Reproduce each record exactly, but exclude every picture.

Given data:
Content starts
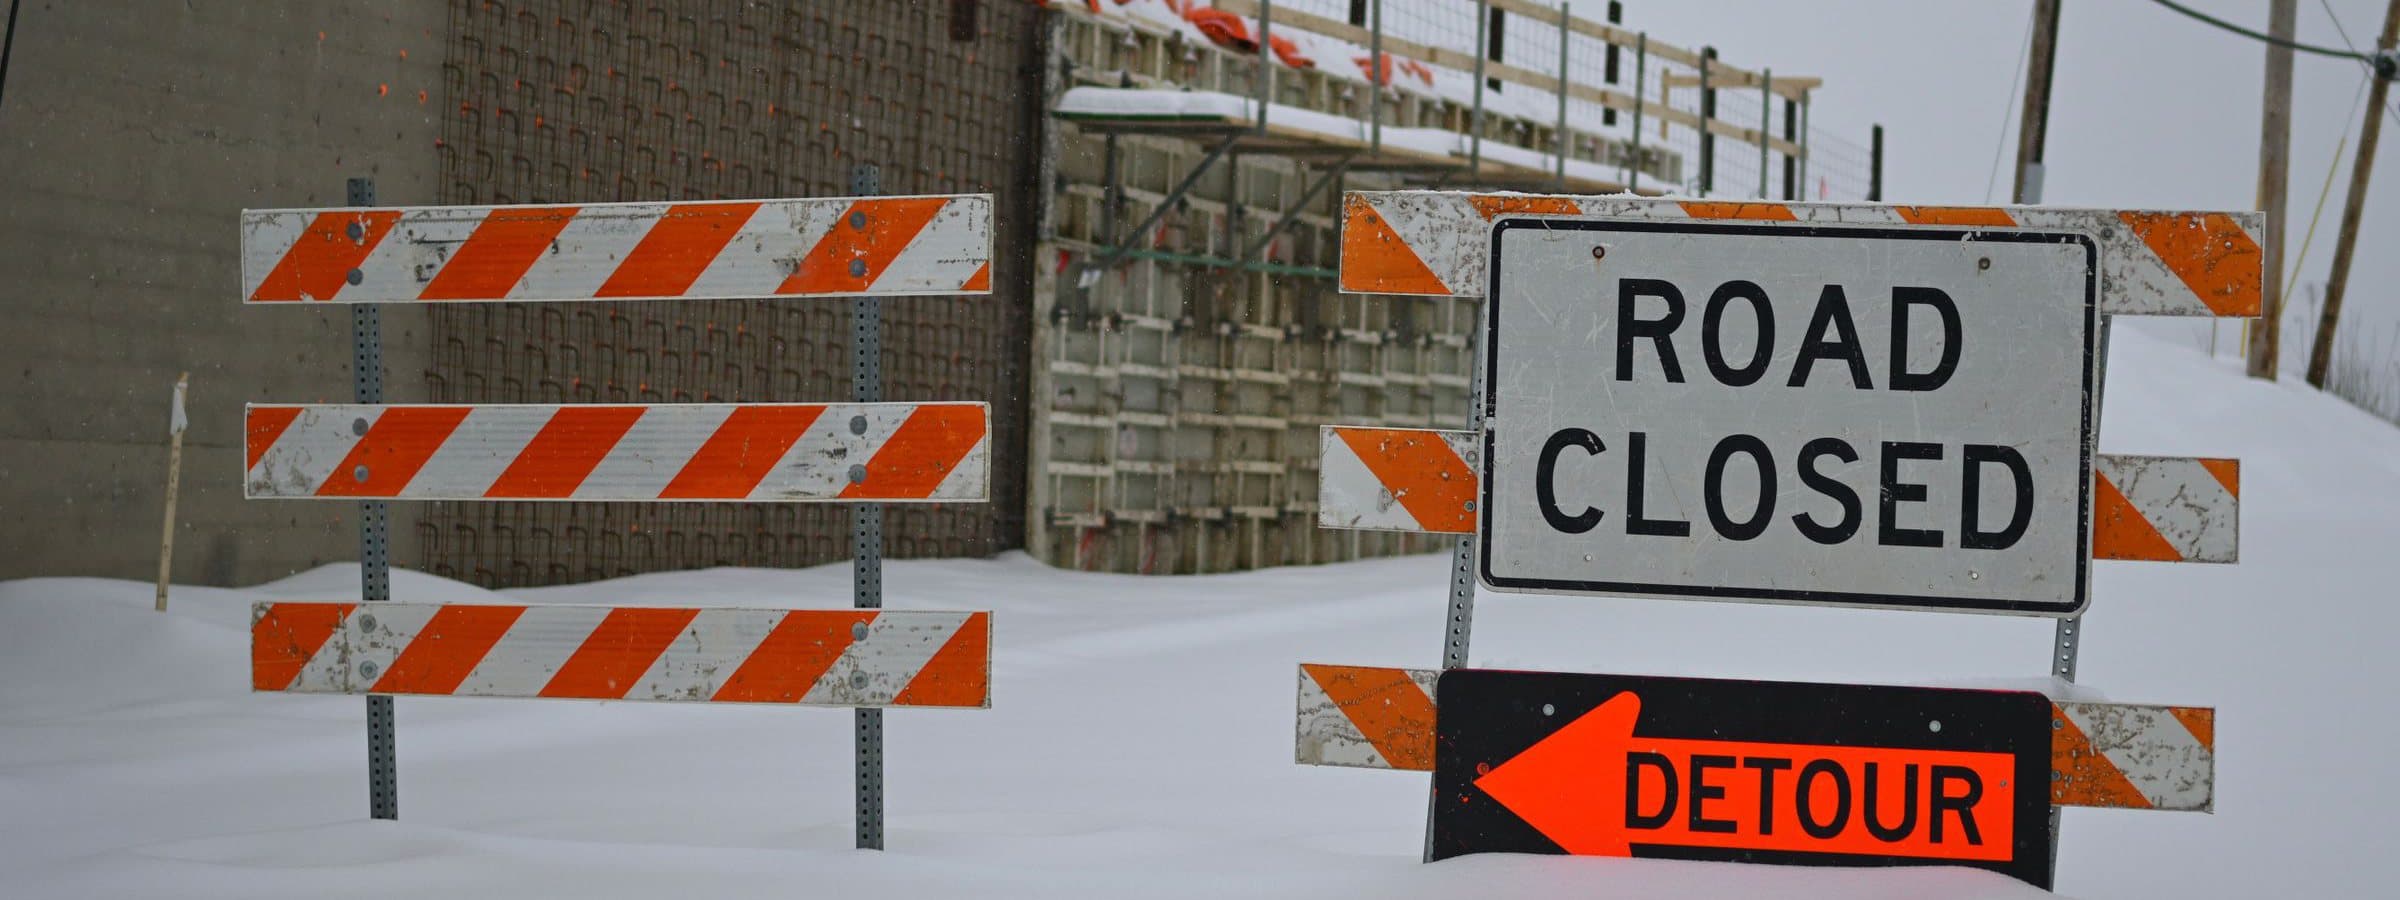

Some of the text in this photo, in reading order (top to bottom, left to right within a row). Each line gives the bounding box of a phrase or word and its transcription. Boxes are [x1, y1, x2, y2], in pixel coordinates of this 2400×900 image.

[1615, 278, 1963, 392] ROAD
[1535, 427, 2034, 551] CLOSED
[1625, 751, 1984, 846] DETOUR
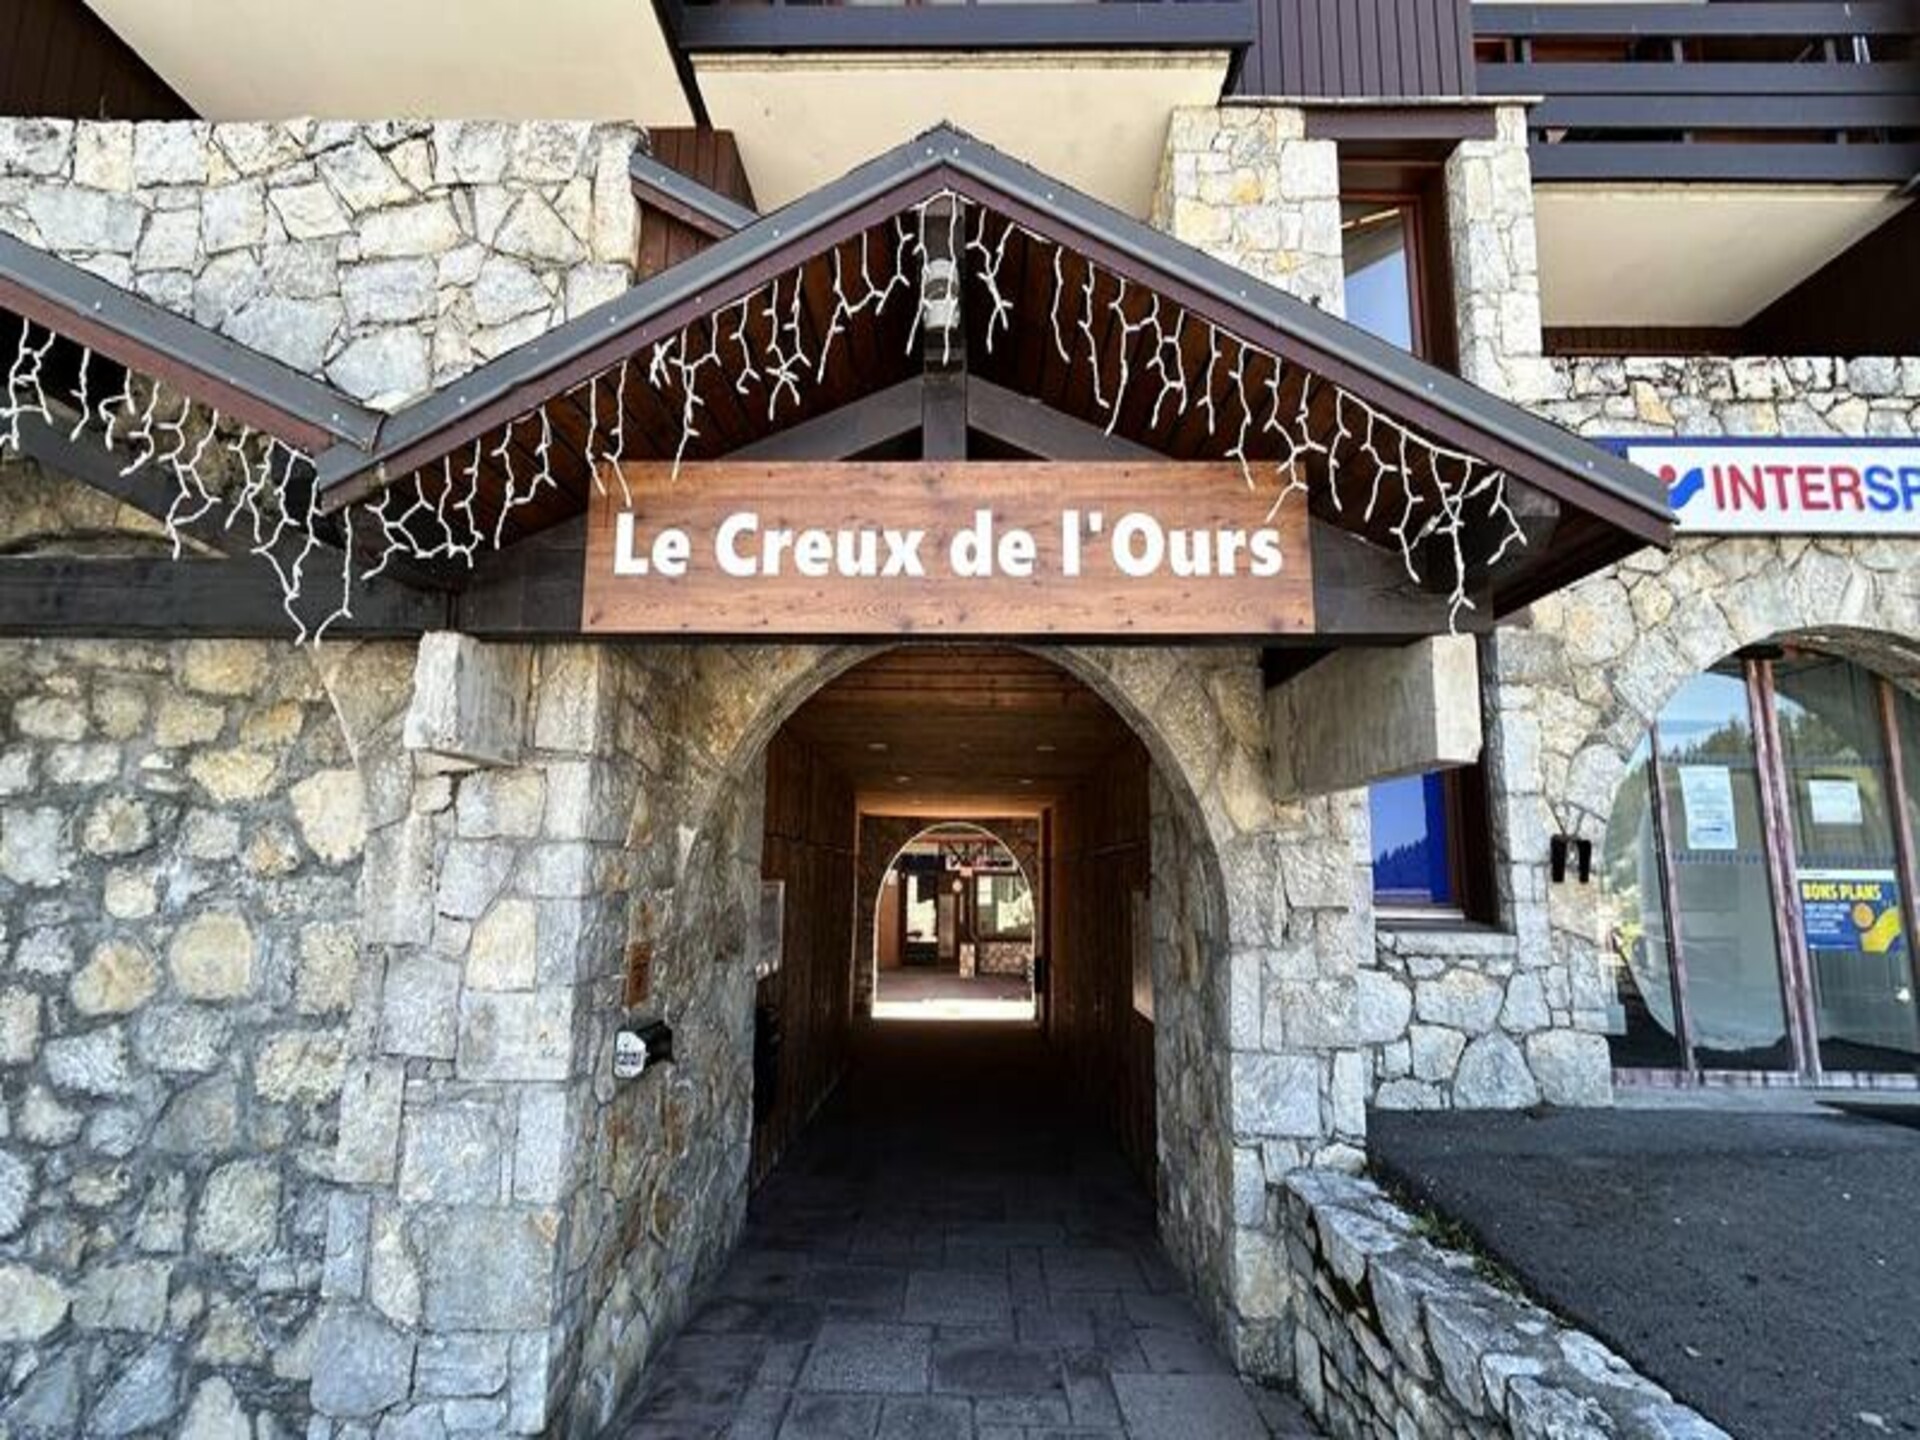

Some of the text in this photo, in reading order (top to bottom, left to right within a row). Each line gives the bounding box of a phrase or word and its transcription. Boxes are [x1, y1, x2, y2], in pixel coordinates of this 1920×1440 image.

[614, 509, 1283, 577] Le Creux de l'Ours
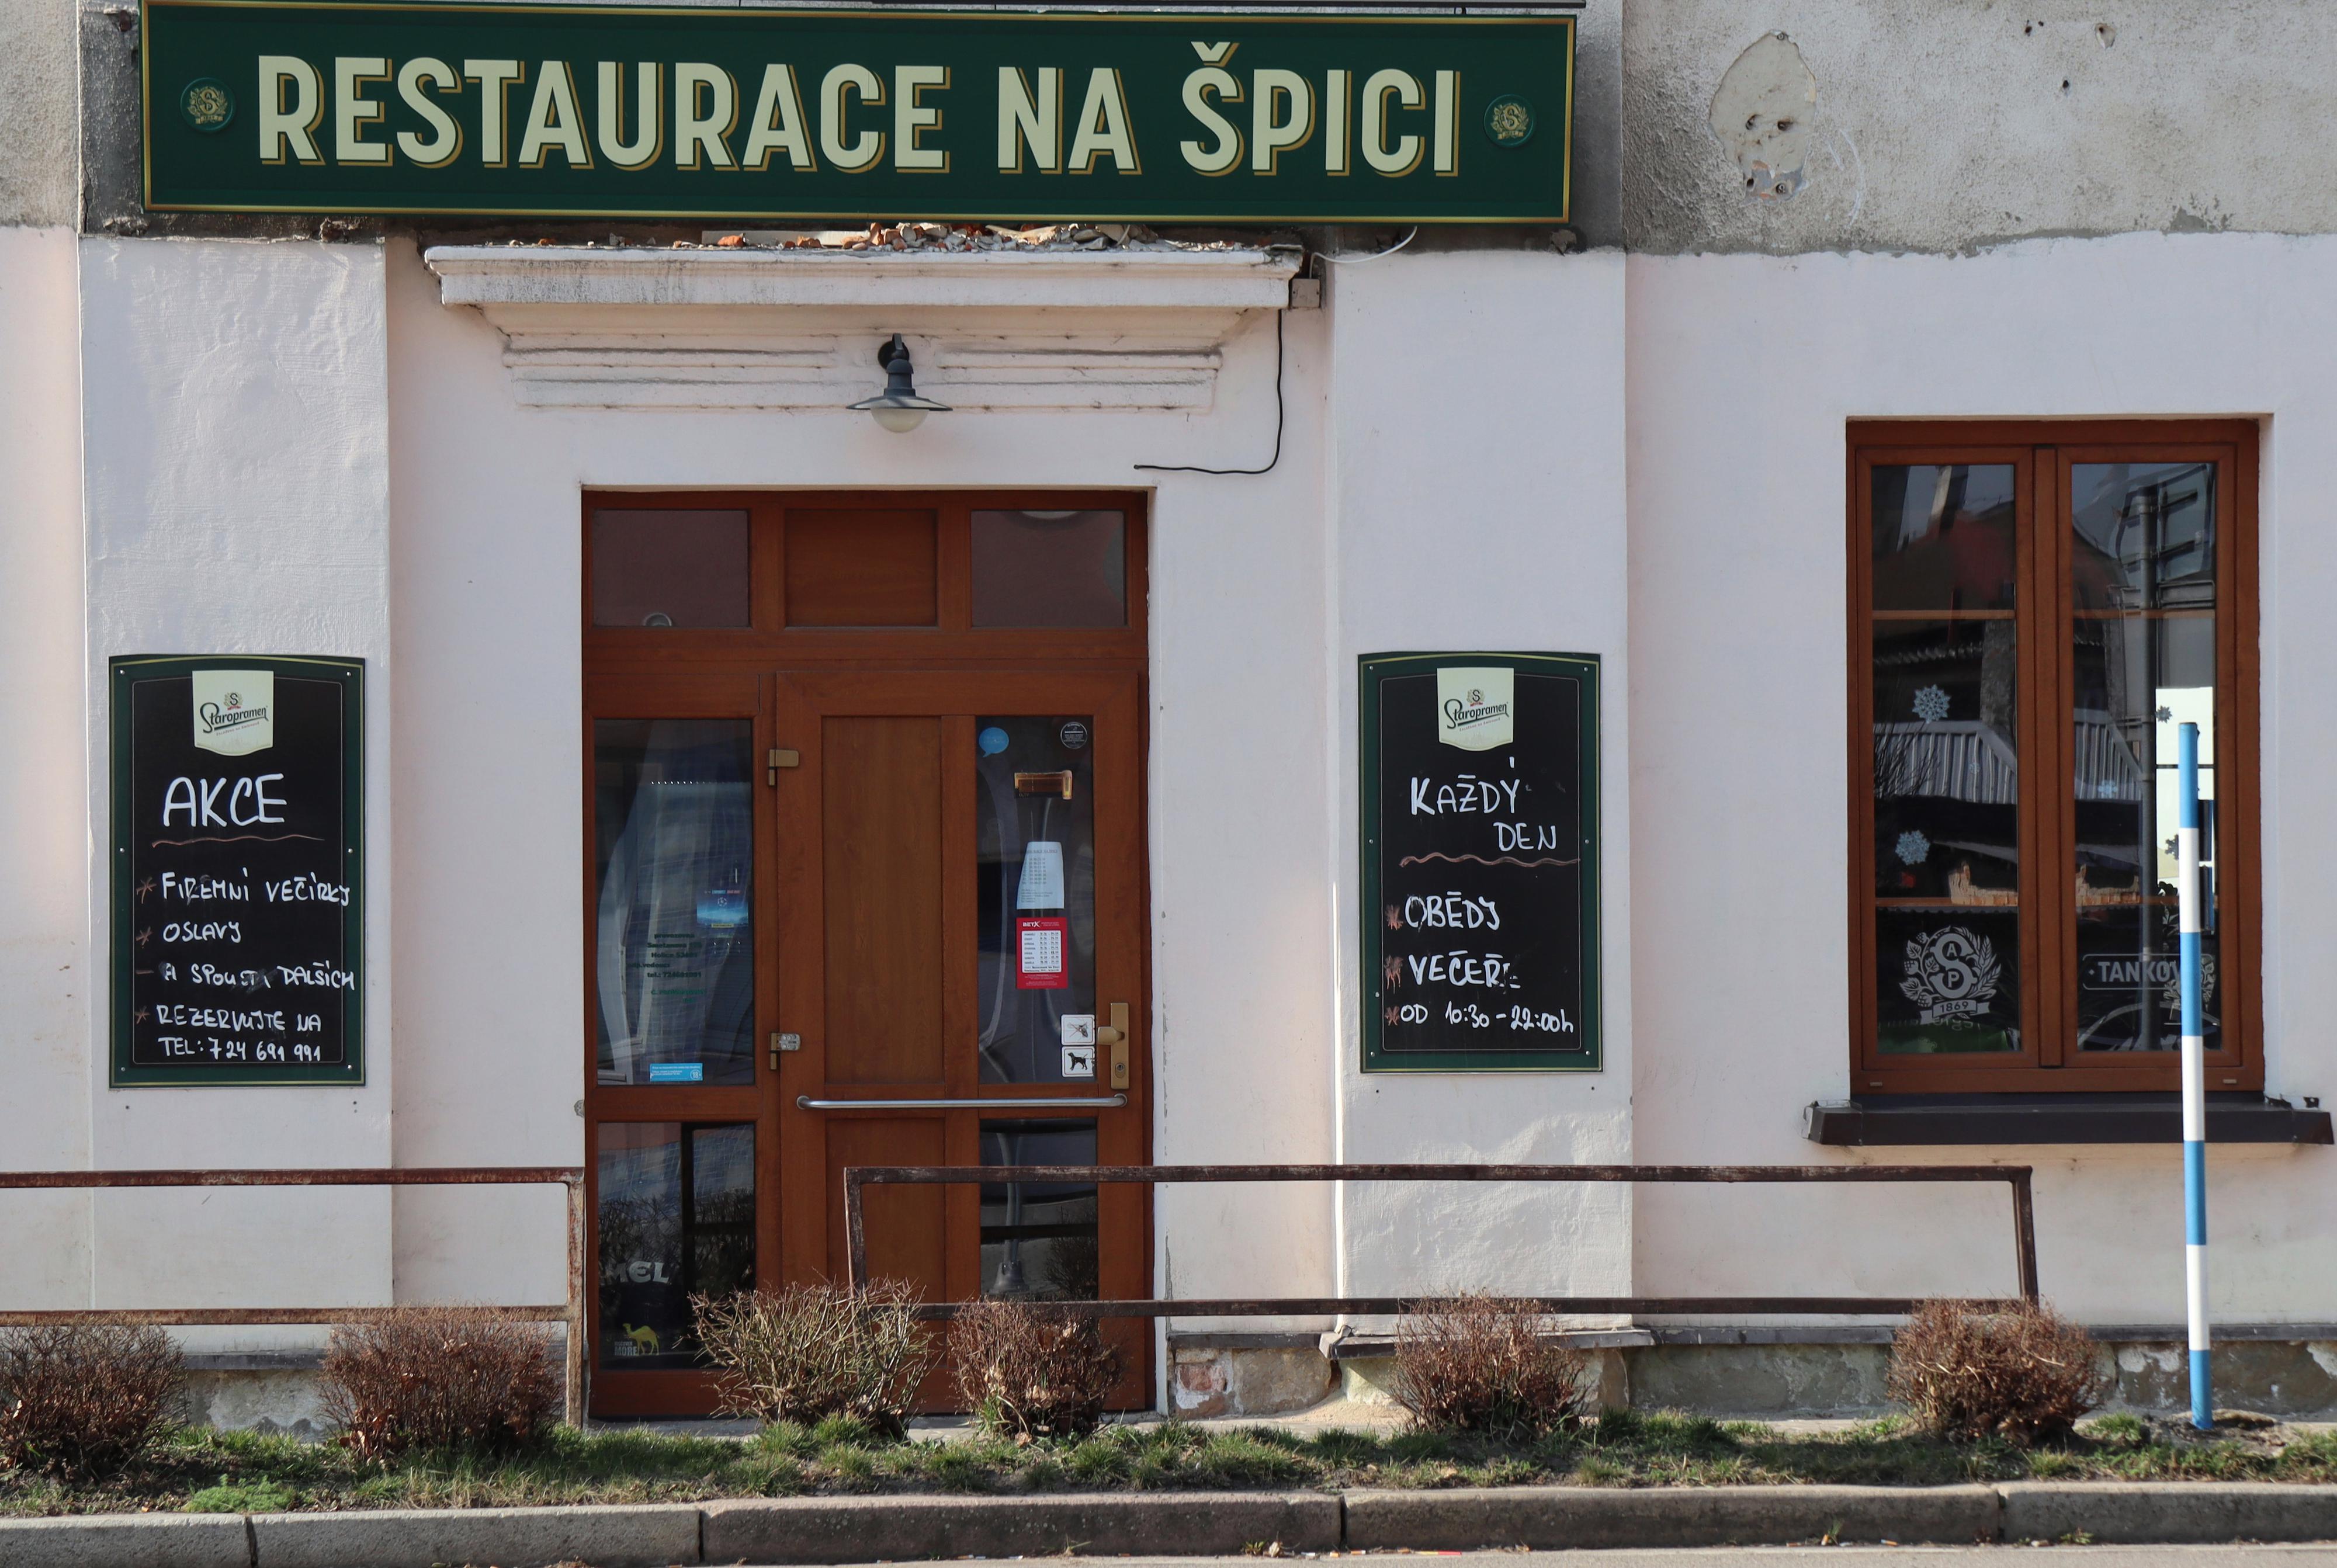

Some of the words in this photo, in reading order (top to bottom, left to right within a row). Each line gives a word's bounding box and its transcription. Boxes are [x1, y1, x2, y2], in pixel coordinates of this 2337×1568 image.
Content ends
Output:
Some of the text in this photo, in reading order (top to bottom, left to right within a row). Each line gives the bounding box of a phrase or word and its transcription. Boxes are [x1, y1, x2, y2], in pixel coordinates of this 2400×900 image.

[1615, 278, 1963, 392] ROAD
[1535, 427, 2034, 551] CLOSED
[1625, 751, 1984, 846] DETOUR

Some of the text in this photo, in reading order (top to bottom, left to right within a row). Each line gives the bounding box of a phrase or word and its transcription. Boxes are [x1, y1, x2, y2], in pixel coordinates of this 1920×1440 image.

[614, 509, 1283, 577] Le Creux de l'Ours

Some of the words in this photo, in reading order (top to bottom, left to right within a row). Each line gives a word's bounding box and its transcription. Boxes are [x1, y1, x2, y2], in pixel coordinates of this 2337×1568 image.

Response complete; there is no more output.